8 Best Exercises for Powder Skiing


If you are a skiing enthusiast and love to tear up the slopes, there are many good exercises that will help your body get in pristine skiing shape.

Whether you like the bunny slopes, moguls, or triple diamond blacks, it’s necessary to get your body ready for the treacherous and challenging slopes to not only successfully make it downhill but to avoid injury. You not only need to have strong leg muscles, but it’s also smart to create a strong back, core and upper body.

If you don’t take the time to get your body in tip-top shape, you risk struggling making the runs, falling, or even suffering a bad injury.

Make sure you use this list of 8 exercises to get your body ready to make a successful ski run.

Best Exercises for Powder Skiing

Sumo Deadlift

One of the best exercises you should be doing to prepare for powder skiing is the sumo deadlift.

All you need is a dumbbell and somewhere to squat to make this happen.

This exercise will work your quads, back, inner thighs, hamstrings, and glutes.

This will be one of the most important exercises you can do to get your legs into shape.

Walking Pushups

Another great exercise for you to do to get your body in shape for powder skiing is the walking pushup.

You may not realize it but you will also need a strong upper body and core to maintain proper balance on the slopes.

Walking pushups will not only strengthen your chest and shoulders, but your abs, obliques, and hip flexors as well.

Doing these will also make it much easier to get up from a fall.

Incorporate these into your workout to make sure all your muscles are getting adequately exercised.

Weighted Pulse Squats

One way you can mimic the rigors of the mountain is with a weighted pulse squat.

Grab a weight vest and sit down into a deep squat and lightly bounce up and down a few inches.

Modify your foot placement for a sumo squat or a ski squat.

Glute Ham Raise

Strong glutes and hamstrings are crucial to a good ski run down the mountain.

Add the glute ham raise into your work to protect your legs and back when skiing.

You are going to be bouncing a lot on the way down the mountain so make sure your legs can handle the pressure.

Plank Punches

Another great exercise for powder skiiers is the plank punch.

This is a good full body exercise to get your core, shoulders, and hip flexors into shape.

The stronger your core is, the more versatile and free range your movements can be without risking injury.

Lunge Jumps

A great way to strengthen your legs before you hit the slopes is with lunge jumps.

If you like to cross country ski or do moguls or double diamond blacks, you better make sure your legs are in top-top shape.
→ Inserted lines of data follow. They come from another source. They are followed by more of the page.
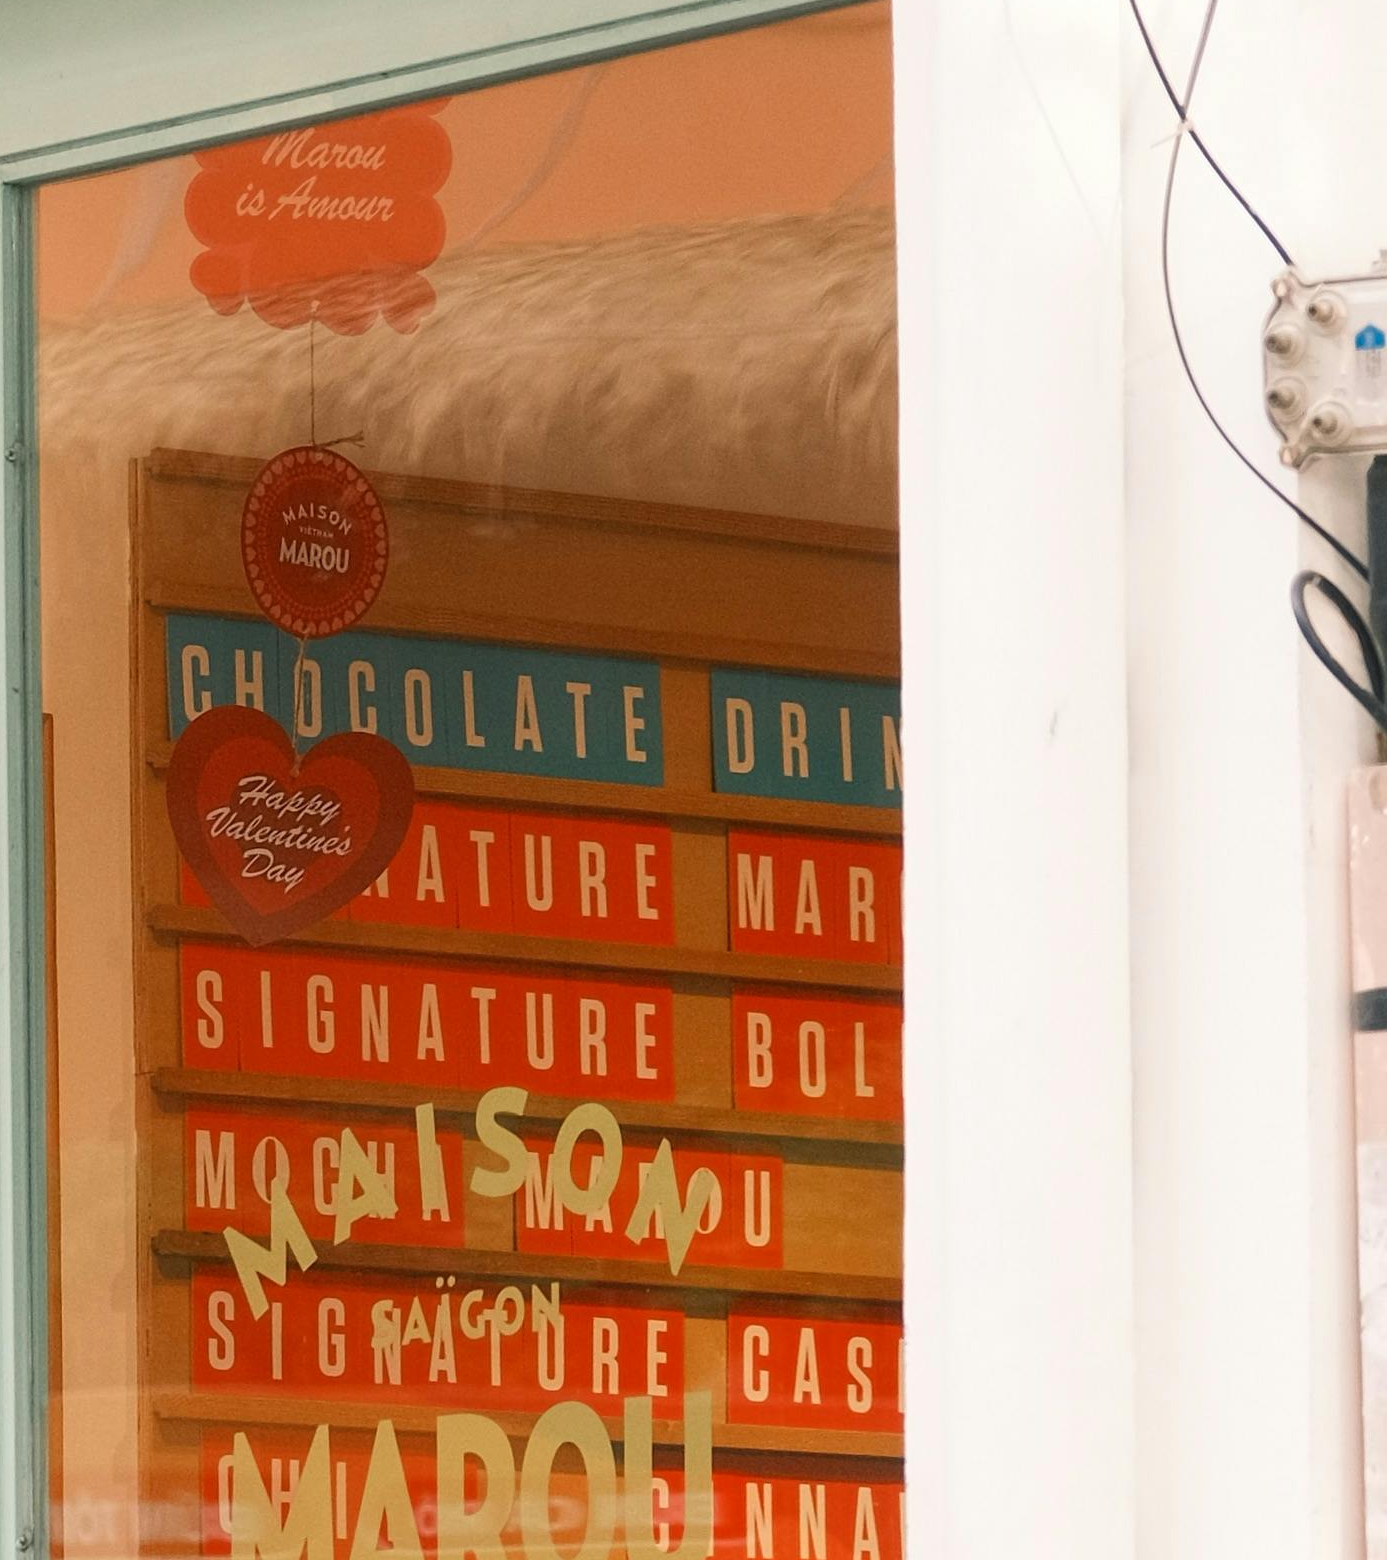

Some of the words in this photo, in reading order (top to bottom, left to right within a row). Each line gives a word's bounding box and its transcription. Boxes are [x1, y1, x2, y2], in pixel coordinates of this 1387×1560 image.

[262, 127, 386, 170] Marou
[236, 183, 267, 216] is
[268, 175, 394, 222] Amour
[282, 502, 353, 536] MAISON
[279, 537, 349, 574] MAROU
[181, 644, 647, 763] CHOCOLATE
[726, 697, 904, 791] DRIN
[238, 775, 340, 824] Happy
[205, 806, 352, 856] Valentine's
[241, 848, 305, 894] Day
[361, 824, 660, 920] ATURE
[737, 853, 876, 942] MAR
[195, 970, 659, 1081] SIGNATURE
[747, 1012, 875, 1098] BOL
[223, 1086, 715, 1321] MAISON
[207, 1289, 668, 1397] SIGNATURE
[742, 1325, 904, 1414] CAS
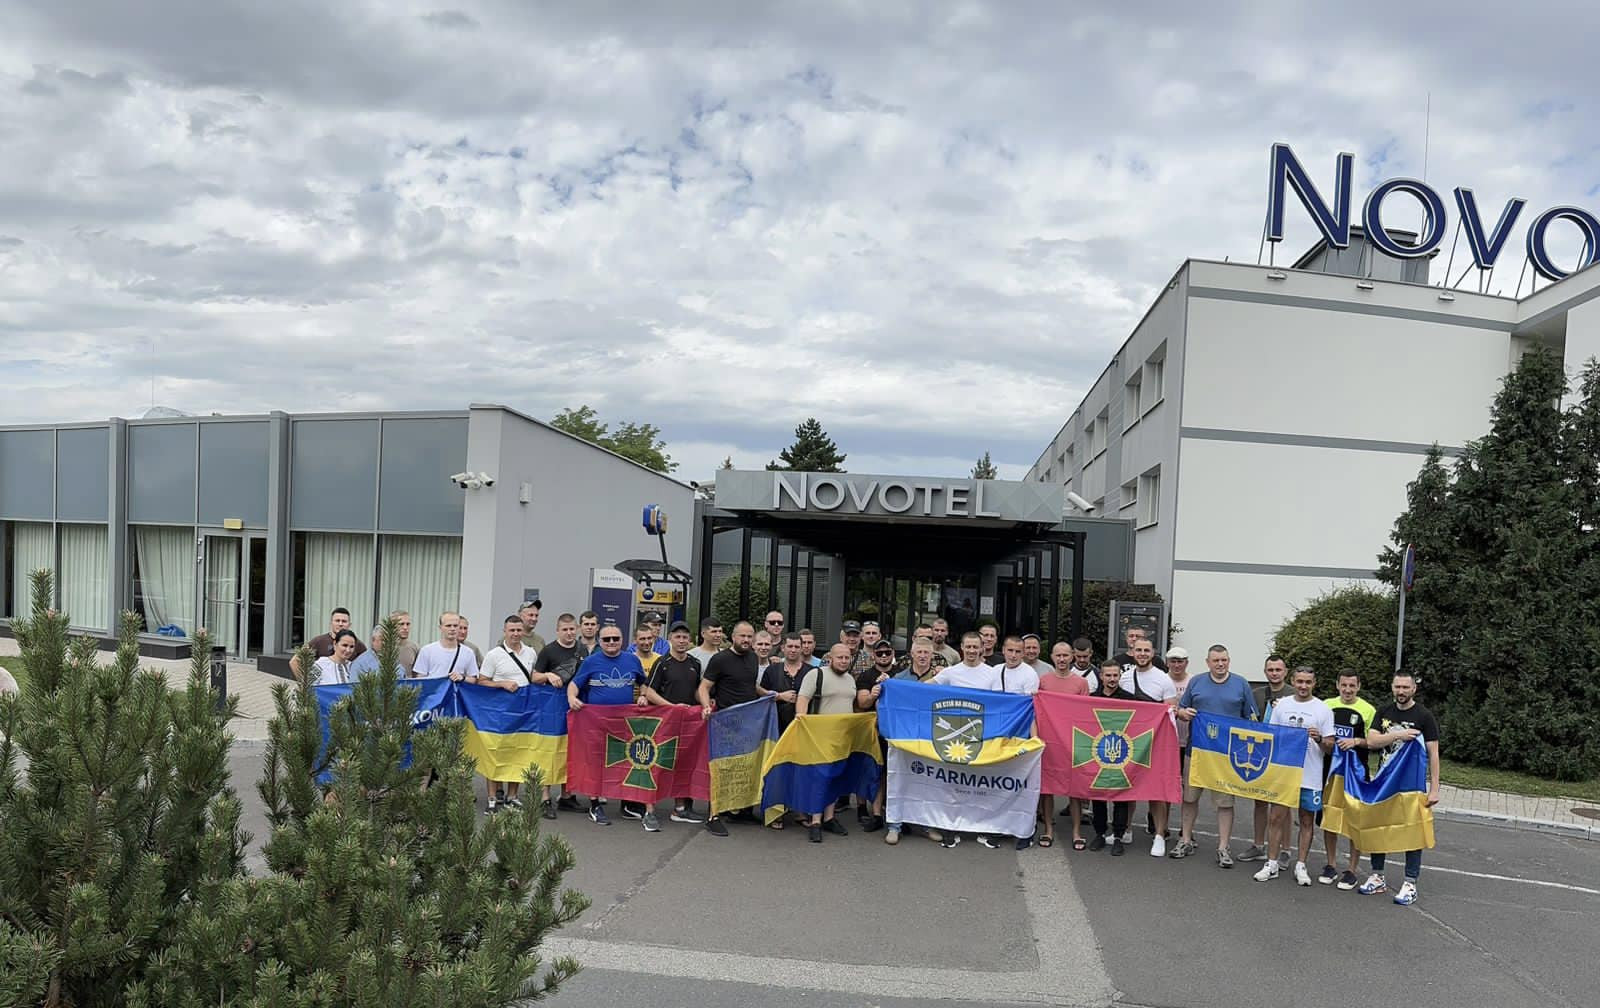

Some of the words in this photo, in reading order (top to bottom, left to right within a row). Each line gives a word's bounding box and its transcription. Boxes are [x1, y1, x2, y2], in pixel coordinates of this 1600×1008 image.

[773, 471, 1001, 518] NOVOTEL
[1335, 727, 1350, 737] GV
[926, 765, 1028, 792] FARMAKOM
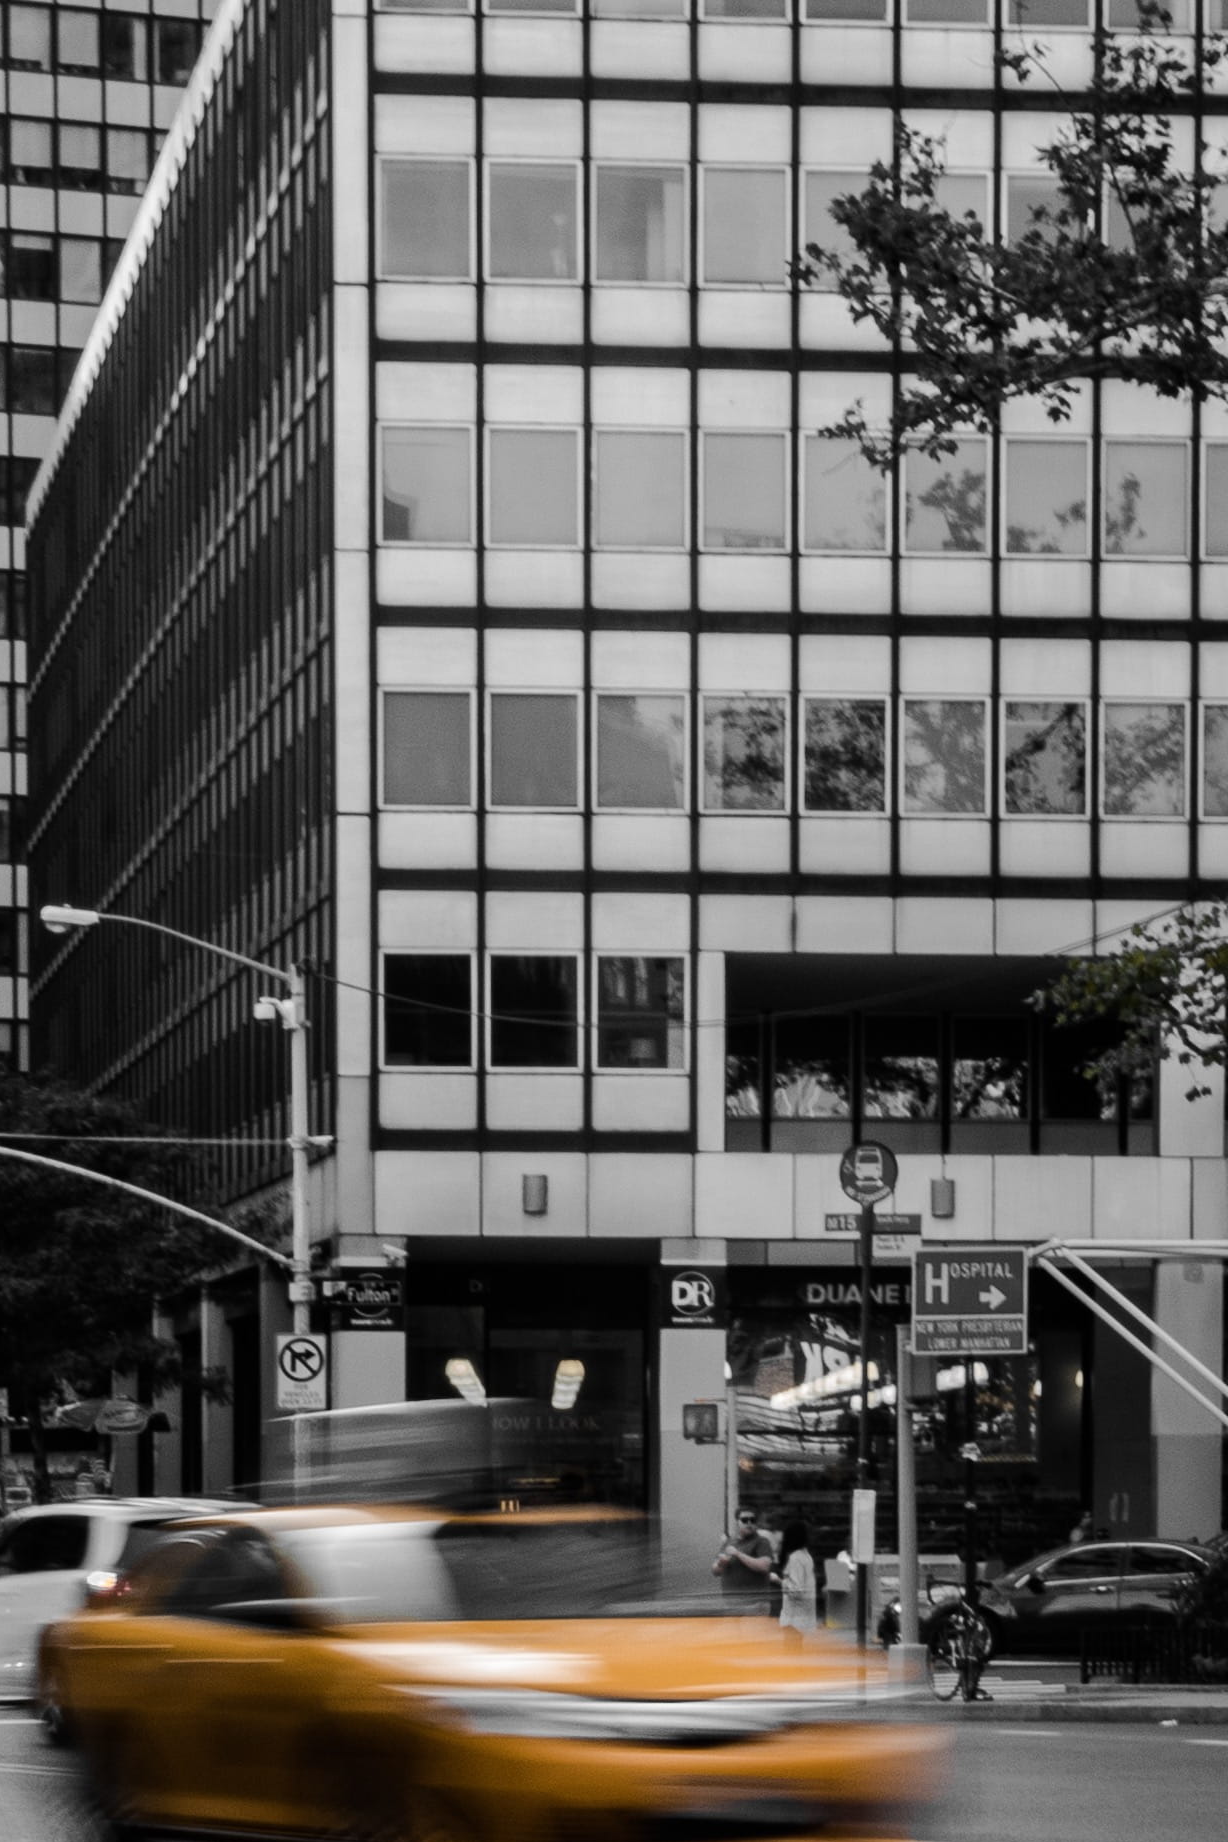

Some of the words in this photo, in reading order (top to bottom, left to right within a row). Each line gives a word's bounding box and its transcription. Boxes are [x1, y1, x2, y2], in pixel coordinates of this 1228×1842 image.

Lunge jumps will work your quads, hams, glutes, and calves.

Mix in some squat jumps or throw on a weight vest for greater affect.

Side to Side Shuffles

A good way to protect your knees from the side-to-side movement of skiing is with side-to-side shuffles.

You will get your Gluteus Medius, your valves, quads and glutes in shape doing this simple exercise.

Mix in some grapevines (karaoke shuffles) to make it a little bit more challenging.

Jump Rope

The last exercise you need to be doing to get your body ready for skiing is by jumping rope.

This is going to improve your endurance, strengthen your calves, and get your legs ready for the slopes.

You can also try adding some cycling, jogging, swimming or elliptical to keep your cardio workout balanced.

Summary: Best Exercises for Powder Skiing

If you are an avid skier, you need to keep your body in shape to be able to ski several days in a row, avoid injury, and to have the most fun you can on the slopes. Skiing is a tough sport, and you need to take care of your body if you want to make the most of it. Many people will get on the mountain after years of never having done physical activity and will pay the price. Skiing will take a gigantic tole on your body’s strength and endurance. Make sure you do exercises like lunge jumps, walking pushups, and jumping rope to give yourself the best chance for a successful time on the mountains.